Dubai, United Arab Emirates, 15 October 2020
Synthetic ETFs offering exposure to core US and global equity benchmarks have delivered strong outperformance with lower tracking errors compared to physical ETFs over the last twelve months, according to a recent analysis by Invesco. This period captures two contrasting market conditions, covering both the sharp equity market sell-off during March and April, which marked the height of the Covid-19 crisis, as well as the subsequent rally since May.
Synthetic ETFs are designed to replicate the return of an index using derivatives such as swaps and futures to get desired exposure rather than holding the underlying securities as with physical ETFs. Both synthetic and physical replication aim primarily to match as well as possible the performance of a specific index. Synthetic ETFs are exchange-listed and can be bought and sold as shares similar to physical ETFs.
An analysis by Invesco looks at the performance and market flows related to the S&P 500, MSCI USA and MSCI World Indices. According to the data, leading synthetic ETFs tracking core S&P 500, MSCI USA and MSCI World benchmarks have, on average, outperformed the largest physical competitors by 0.26%, 0.19% and 0.08% respectively over the year to the end of August. Over the past three years, these figures are 0.73%, 0.52% and 0.14%, underscoring the long-term relative outperformance of synthetic products.
Christopher Mellor, Head of EMEA ETF Equity & Commodity Product Management at Invesco, said: “The use of synthetic ETFs offers access to certain markets, given the inherent benefits available through these products versus physical equivalents. These benefits include the potential to generate consistent outperformance with low tracking error even in difficult market conditions.”
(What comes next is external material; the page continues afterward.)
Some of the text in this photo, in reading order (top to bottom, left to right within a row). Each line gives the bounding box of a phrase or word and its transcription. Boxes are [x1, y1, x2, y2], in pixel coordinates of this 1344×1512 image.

The low tracking error offered by synthetic products was brought into sharp focus in the crisis period, with tracking errors for physical MSCI World ETFs doubling to 0.10% between 31 January and 30 April 2020. In contrast, Invesco’s analysis found that synthetic ETFs maintained their lower volatility relative to the market throughout this period.
Alessio Cirillo, Sales Director at Invesco EMEA, said: “Clients in the GCC continue to use ETFs to gain low cost exposure across sectors both opportunistically, and as part of their longer-term strategic asset allocation. Irrespective of the replication method – whether synthetic or physical – or investment style, it is important to have robust risk-management processes in place. There are several measures that an ETF provider can put in place to mitigate risk, including frequent swap resets, dealing only with creditworthy counterparties, or using a multiple swap counterparty model which could reduce the impact of any one counterparty defaulting. Investors should understand the various risks with each replication method and select which one is most suitable for their needs.”
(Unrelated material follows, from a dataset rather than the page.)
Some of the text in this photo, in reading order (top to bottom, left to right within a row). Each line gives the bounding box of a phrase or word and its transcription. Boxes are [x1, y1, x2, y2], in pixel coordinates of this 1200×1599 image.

In contrast to physical ETFs, synthetic products use swaps to deliver a more efficient replication of an index. Under US tax law, swaps written on indices with deep and liquid futures markets, e.g. the S&P 500, are not required to pay withholding taxes on dividends. While a European-domiciled physically replicating S&P 500 ETF will generally be able to achieve a maximum of 85% of the dividend yield, a synthetic fund may theoretically achieve up to 100% of the full gross dividend amount.
With the S&P 500 yielding around 1.9% (2% on average over the past decade), this exemption means synthetic funds could potentially achieve up to 30 basis points of additional performance each year.
Alessio Cirillo added: “Cost is another factor that tends to favour ETFs in general but especially synthetic models. Synthetic ETFs do not hold the underlying constituents of an index thus transaction costs are reduced when rebalancing the portfolio.”